Meet the Pedersen family: parents Rod and Jamie; and the children: Zane, Jax and Kaleb.
They were all born deaf, except Kaleb — who at age 20, is the oldest child.
“Obviously, I didn’t choose to be the only hearing one,” Kaleb said on the phone from their home near San Francisco in Pleasanton, California. Thanks to his upbringing, Kaleb prefers Deaf culture over the hearing world. “There’s more of a sense of belonging in the Deaf culture. They just feel closer together than how hearing people act with each other.”
The Pedersens are featured in CNN Films’ new Digital Short titled, “All-American Family.” They’re among an estimated 1 million so-called “functionally deaf” people in the United States, and 70 million worldwide, according to federal and United Nations stats.
Long-established deaf schools in and around places such as San Francisco, Rochester, New York; Washington, D.C. and Los Angeles have led to large pockets of deaf residents in those cities. Many hold on tight to their Deaf identity and Deaf culture.
That’s “Deaf” with a capital “D.” That’s how the community spells it.
Since childhood, Kaleb’s ability to hear — along with his command of American Sign Language — has defined much of his role in the family.

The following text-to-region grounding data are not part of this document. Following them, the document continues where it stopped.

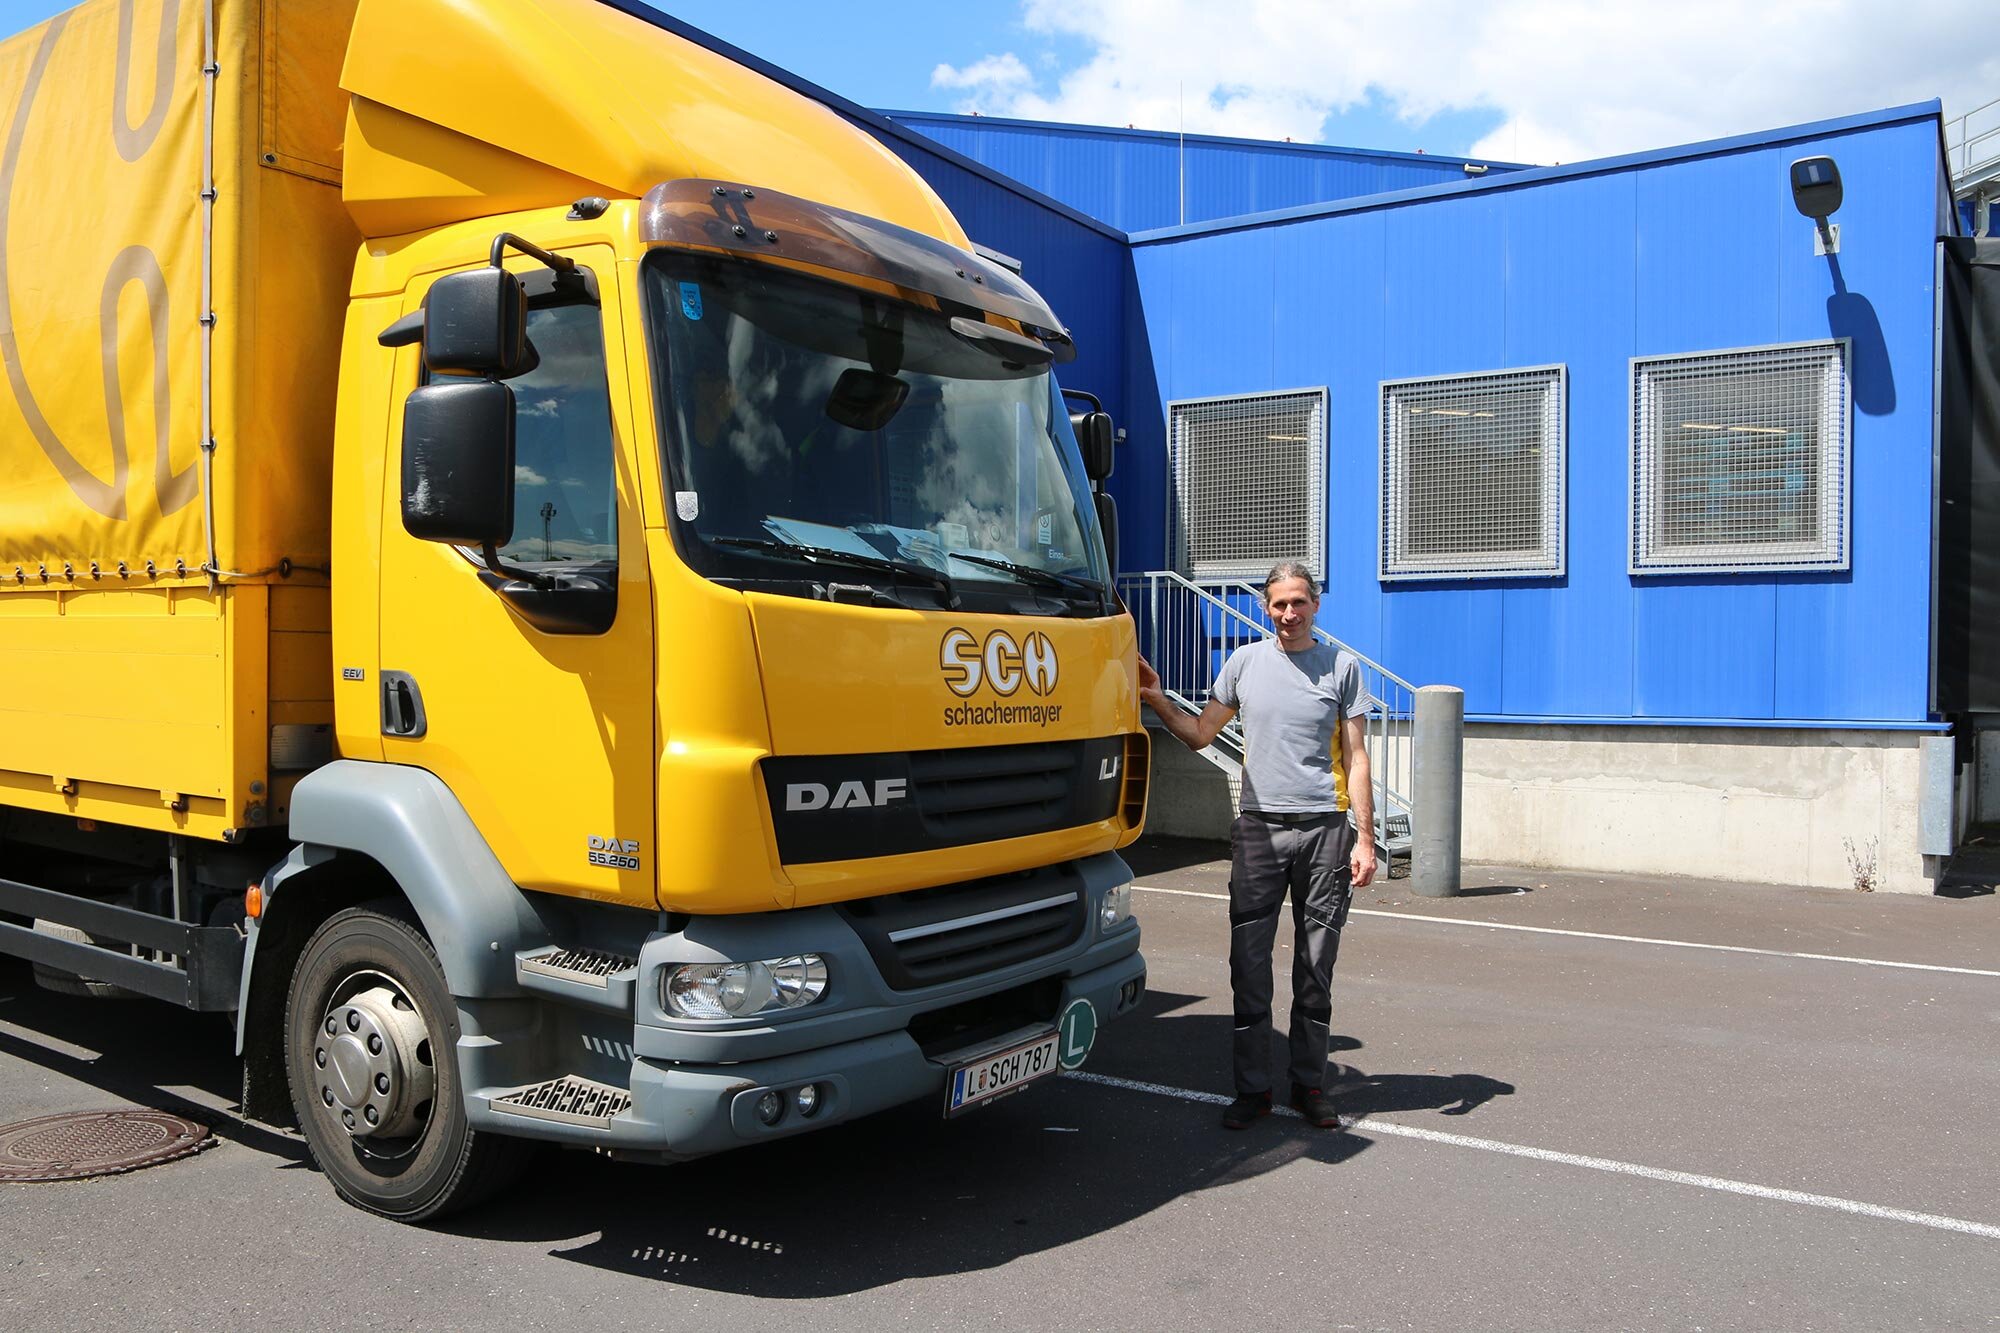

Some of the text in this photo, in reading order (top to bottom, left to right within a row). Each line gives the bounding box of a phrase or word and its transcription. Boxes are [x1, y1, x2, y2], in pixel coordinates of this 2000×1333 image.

[343, 668, 362, 678] EEV
[939, 626, 1059, 698] SCH
[944, 700, 1062, 728] schachermayer
[786, 778, 907, 811] DAF
[588, 834, 639, 854] DAF
[588, 851, 637, 869] 55.250
[1067, 1014, 1084, 1058] L

His first language was sign language — English came later. “He’s like half deaf inside and hearing on the outside,” his mom Jamie Crowley wrote CNN in an e-mail. “Kaleb is naturally our ears.”
When the family meets at restaurants, Kaleb orders for everybody.

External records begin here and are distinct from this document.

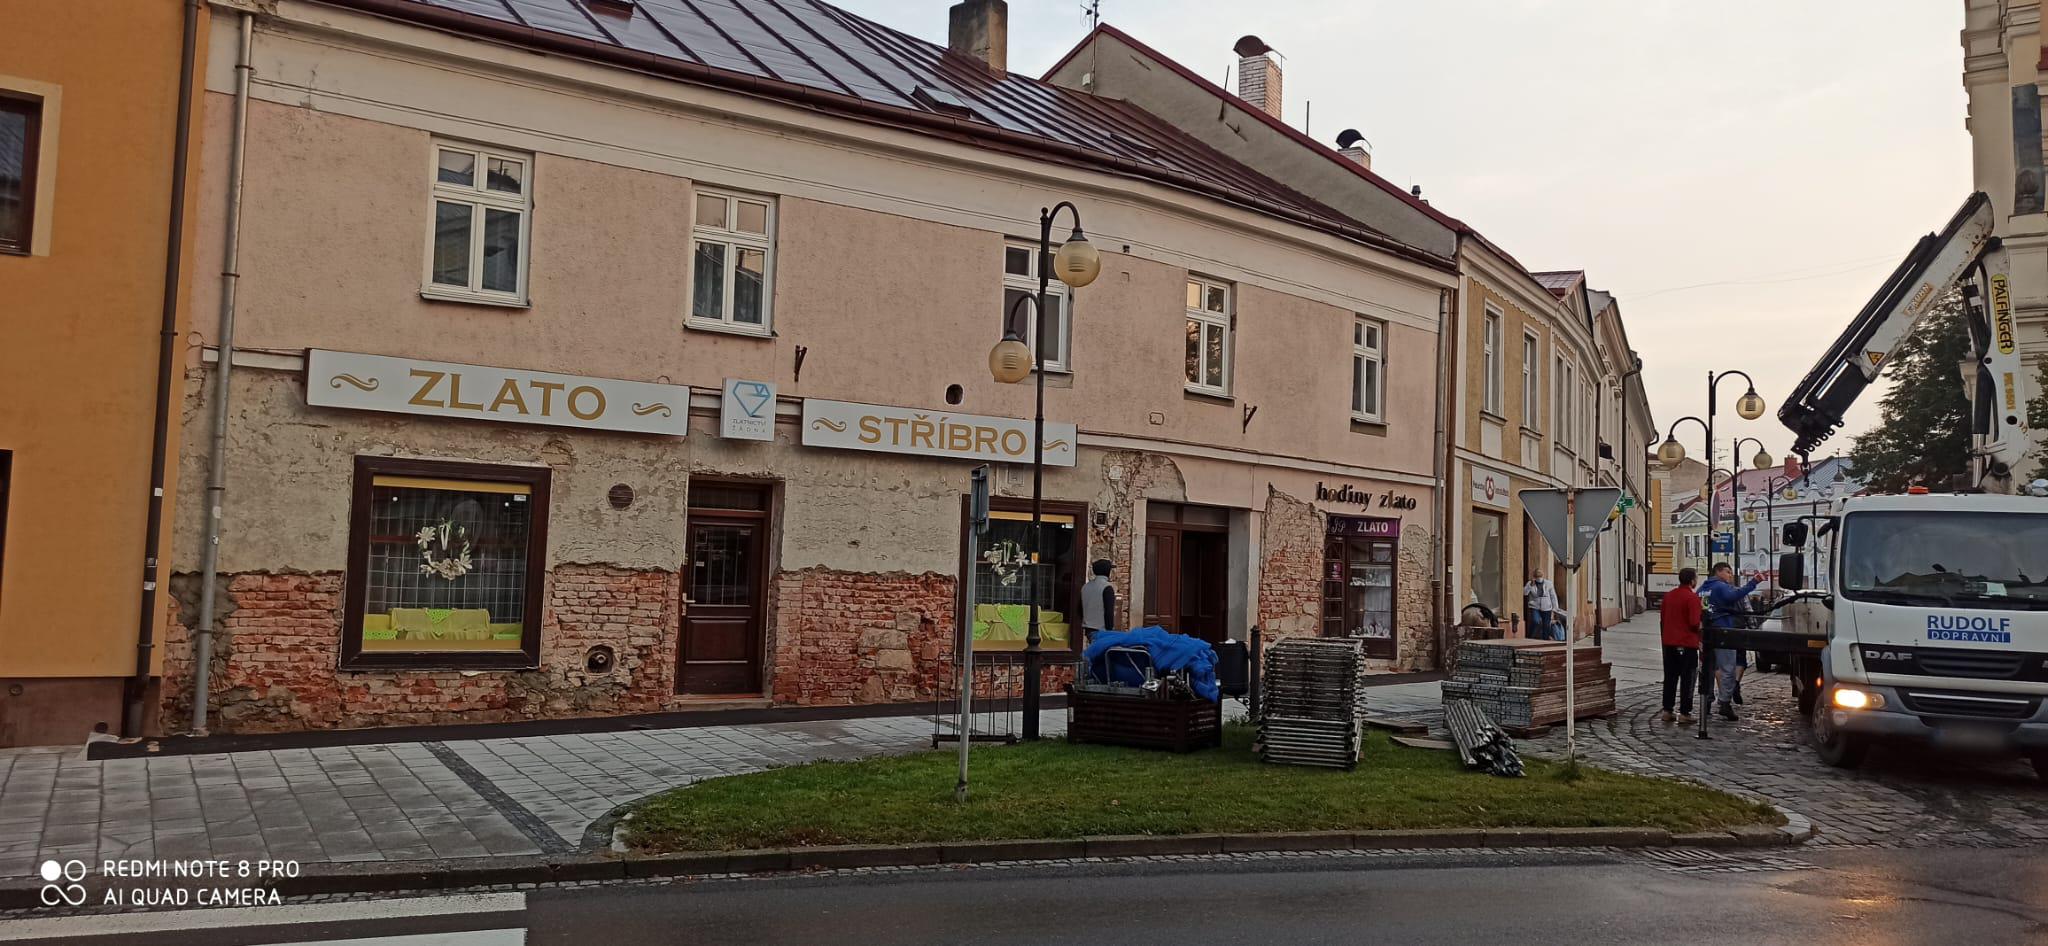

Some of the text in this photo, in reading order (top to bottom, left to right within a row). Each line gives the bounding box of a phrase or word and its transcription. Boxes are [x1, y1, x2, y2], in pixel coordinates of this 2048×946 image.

[1993, 278, 2013, 350] PALFINGER
[407, 367, 607, 421] ZLATO
[858, 413, 1027, 456] STŘÍBRO
[1315, 481, 1417, 512] hodiny zlato
[1357, 521, 1389, 533] ZLATO
[1927, 615, 2010, 632] RUDOLF
[1931, 630, 2005, 642] DOPRAVNÍ
[1865, 650, 1913, 661] DAF

When the doorbell rings, he answers it.
When hearing people ask Kaleb annoying questions such as, “Do you ever wish your family could hear, like you?” — he doesn’t get upset.
“I don’t wish that they could hear, because there’s nothing wrong with them,” he said. “They’re born that way and they can do anything that any hearing person could do. I don’t see any reason for them to change.”

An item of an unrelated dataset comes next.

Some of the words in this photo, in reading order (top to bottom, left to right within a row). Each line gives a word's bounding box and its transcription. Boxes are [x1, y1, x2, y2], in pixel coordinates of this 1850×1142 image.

“If anything, I’d rather be deaf.”
Does that sound shocking?
It shouldn’t, say the Pedersens.
If there’s one thing they want you to know, it’s this: They’re fine just the way they are. They’re not “broken” or “impaired.”
“The biggest threat to our community is the pathological view … that something is wrong with us,” Crowley wrote. When hearing parents find out their baby is deaf, sometimes their first response is that they “need to fix it.”
Crowley takes issue with some parents who let doctors implant hearing devices in their deaf children’s ears in an attempt to allow them to regain partial hearing.
“More and more deaf babies are undergoing cochlear implants and being deprived of learning American Sign Language,” Crowley says. About 324,000 people worldwide have had these implants, according to federal stats. They’ve been FDA-approved for children as young as 1 since 2000.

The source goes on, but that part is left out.